[Input data]:
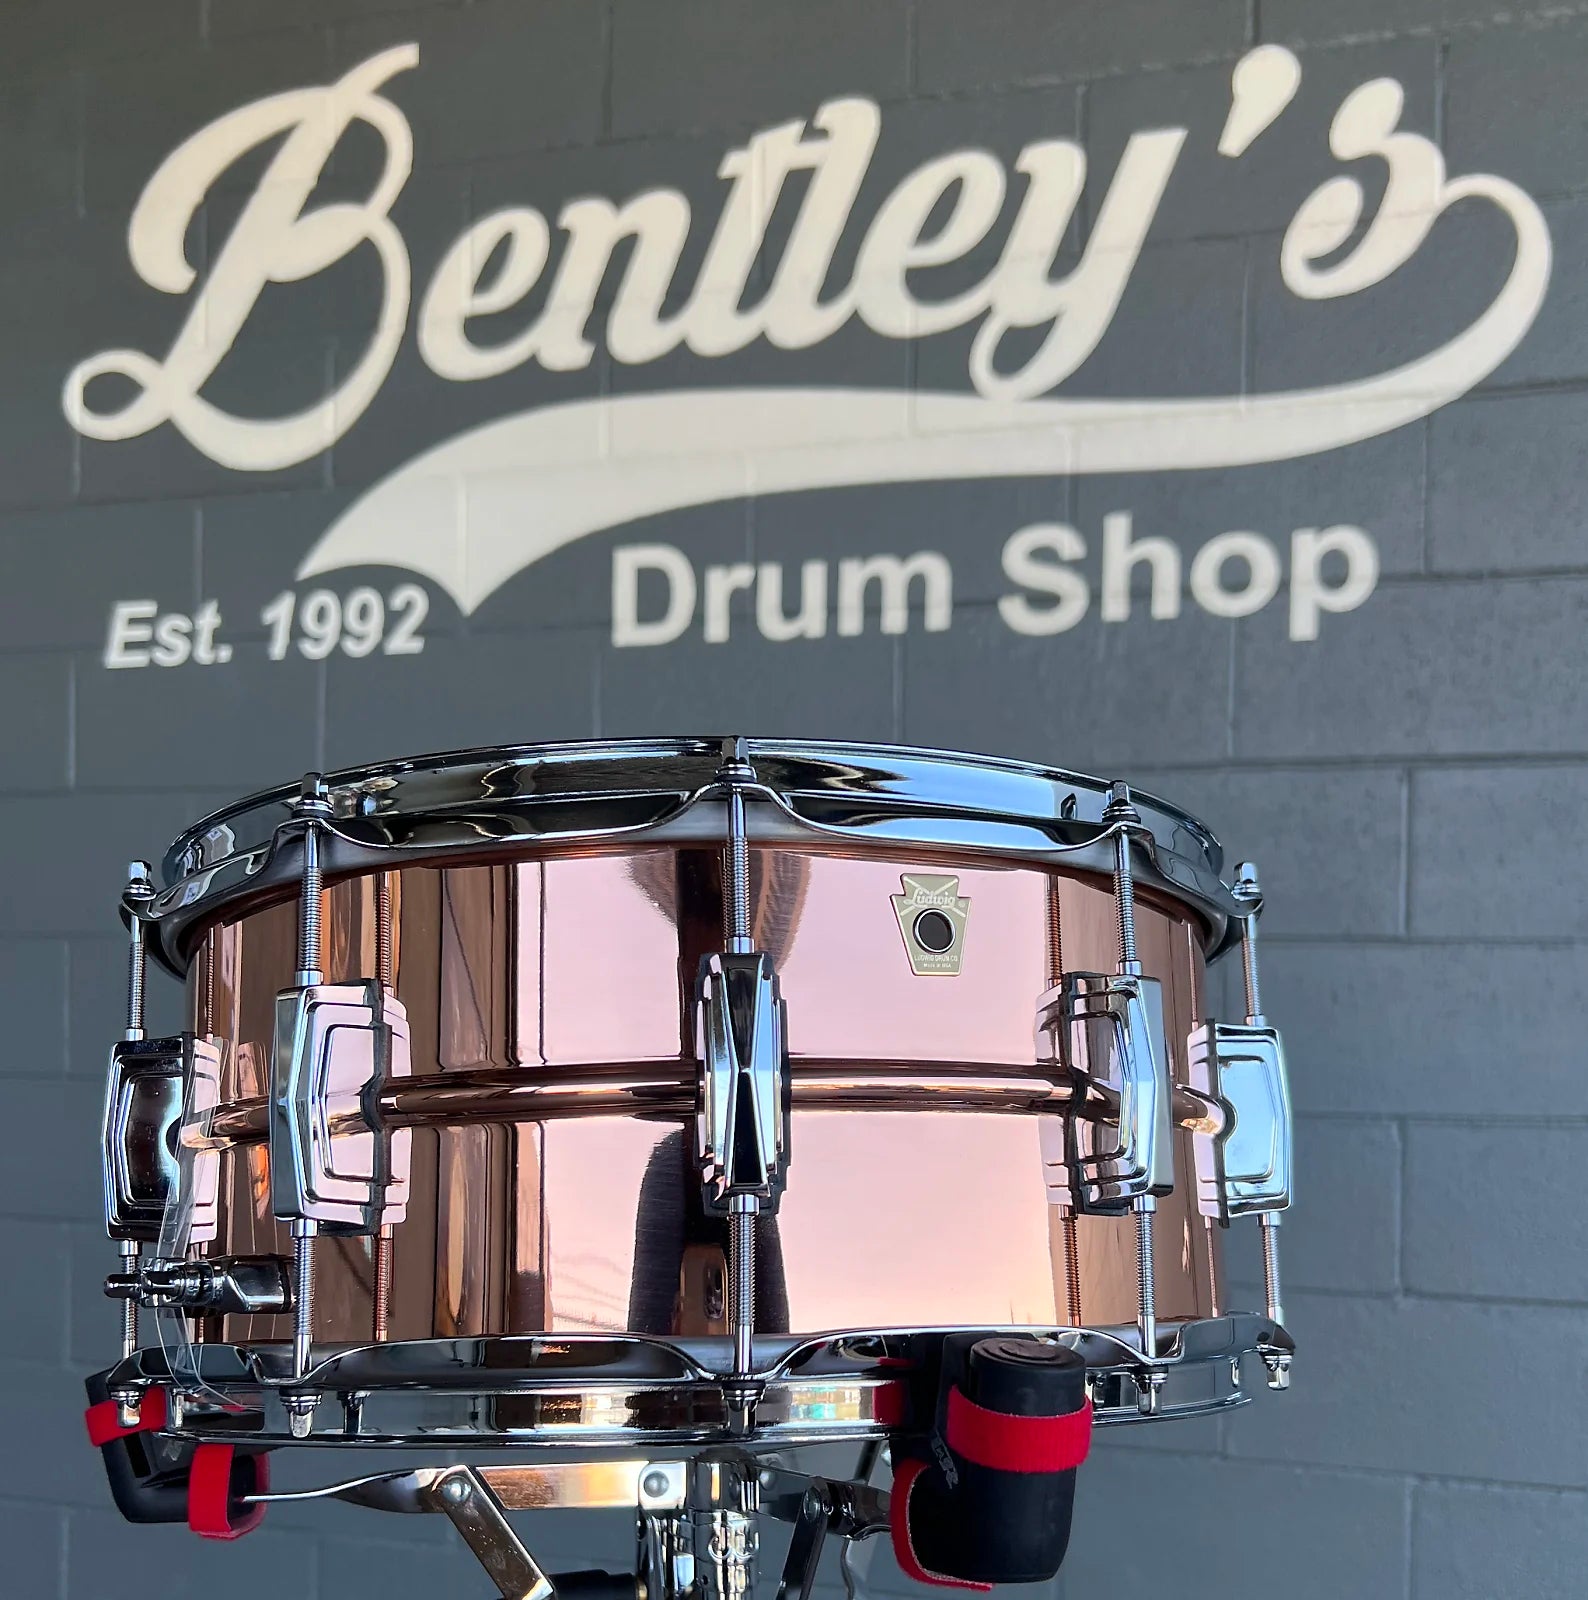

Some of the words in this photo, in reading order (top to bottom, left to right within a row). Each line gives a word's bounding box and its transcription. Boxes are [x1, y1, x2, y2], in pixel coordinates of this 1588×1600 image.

[62, 42, 1552, 471] Bentley's
[104, 599, 232, 669] Est.
[261, 586, 429, 660] 1992
[611, 544, 952, 648] Drum
[998, 512, 1379, 641] Shop
[903, 887, 956, 909] Ludwig
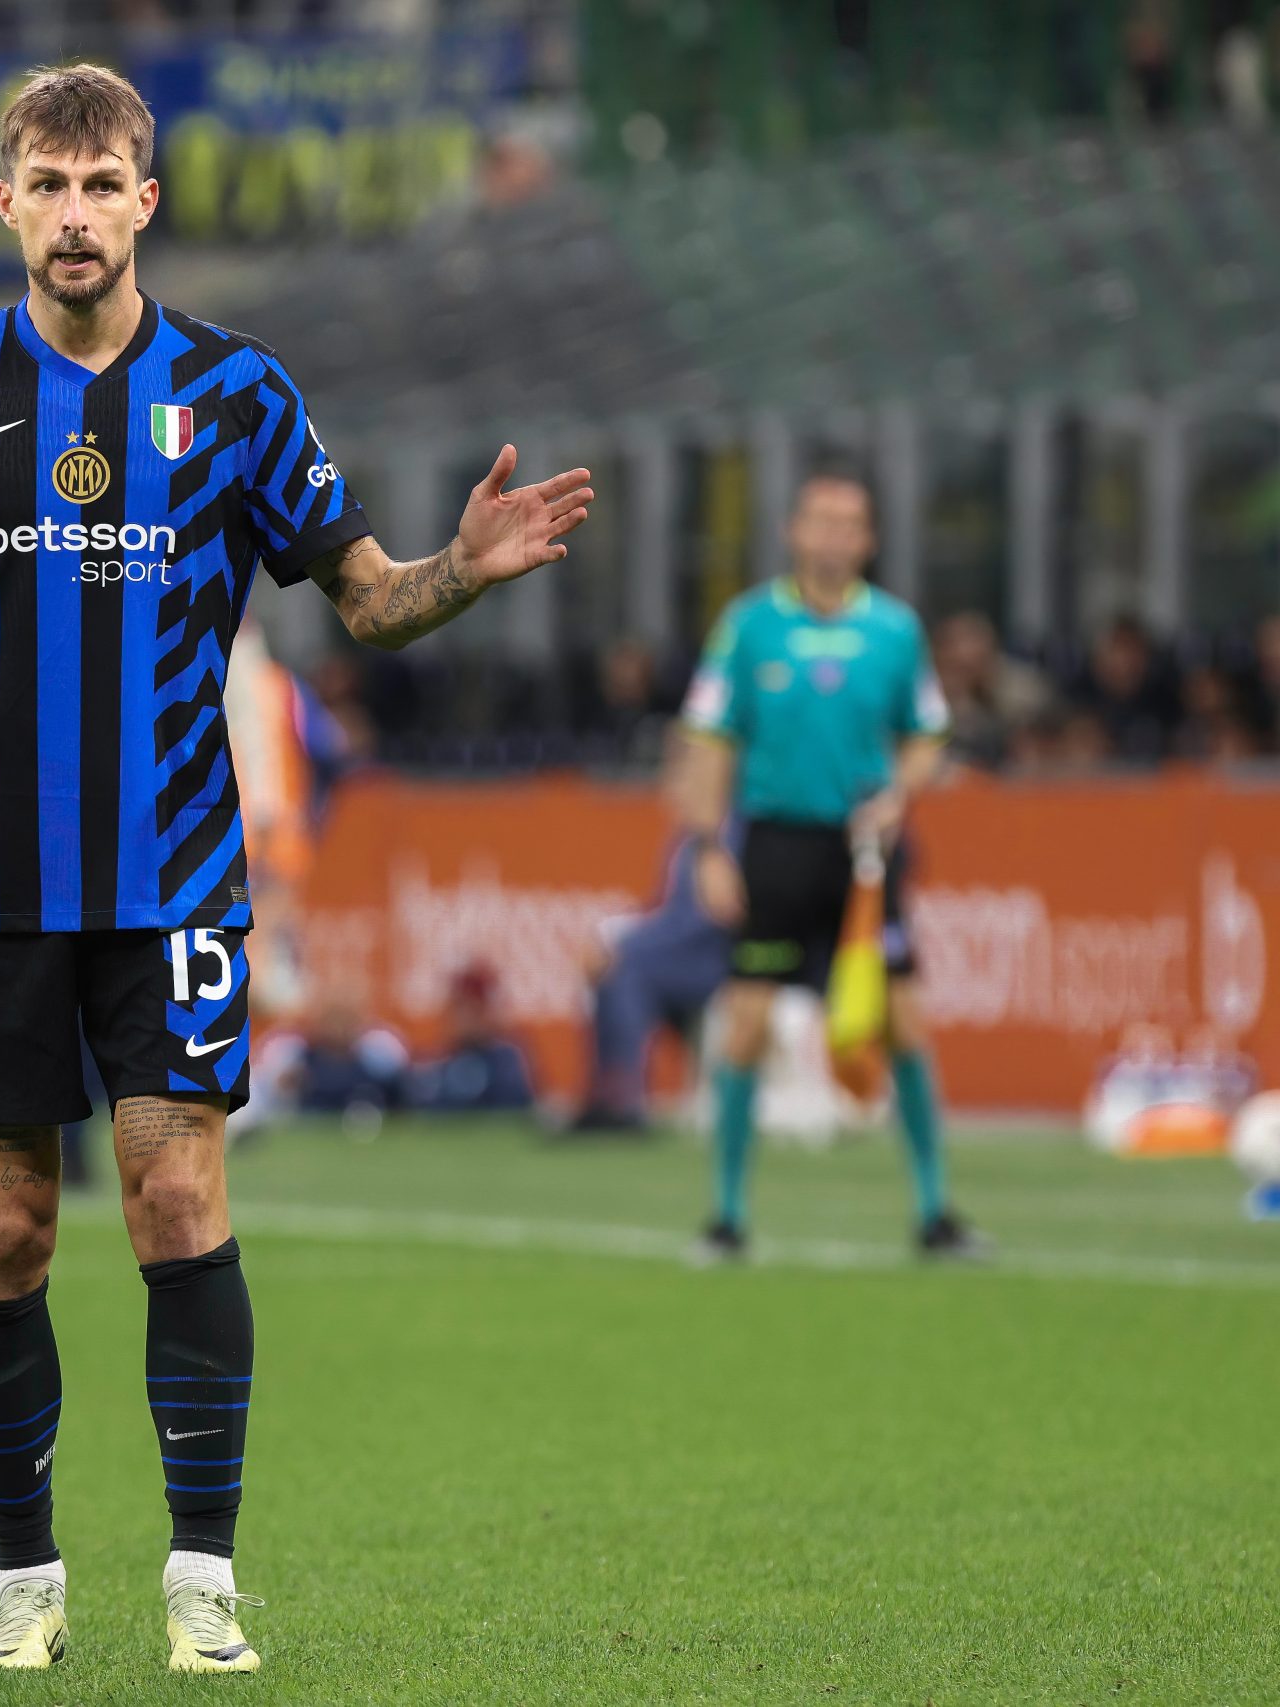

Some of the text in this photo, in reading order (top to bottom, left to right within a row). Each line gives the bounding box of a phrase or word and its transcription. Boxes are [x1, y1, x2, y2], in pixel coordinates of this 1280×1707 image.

[307, 462, 343, 488] Ga
[71, 558, 172, 588] .sport
[170, 928, 232, 1001] 15
[1, 1166, 18, 1190] by
[24, 1167, 48, 1189] day

[What to do]: A faithful transcription of the material, with no pictures, is the expected result.

[Reply to the exercise]:
Some of the words in this photo, in reading order (top to bottom, left to right within a row). Each line gives a word's bounding box and its transcription. Boxes are [x1, y1, x2, y2], in pixel coordinates of this 1588×1600 image.

[62, 42, 1552, 471] Bentley's
[104, 599, 232, 669] Est.
[261, 586, 429, 660] 1992
[611, 544, 952, 648] Drum
[998, 512, 1379, 641] Shop
[903, 887, 956, 909] Ludwig

Some of the text in this photo, in reading order (top to bottom, left to right within a row). Each line gives the bounding box of a phrase or word and its transcription. Boxes are [x1, y1, x2, y2], in pixel coordinates of this 1280×1707 image.

[307, 462, 343, 488] Ga
[71, 558, 172, 588] .sport
[170, 928, 232, 1001] 15
[1, 1166, 18, 1190] by
[24, 1167, 48, 1189] day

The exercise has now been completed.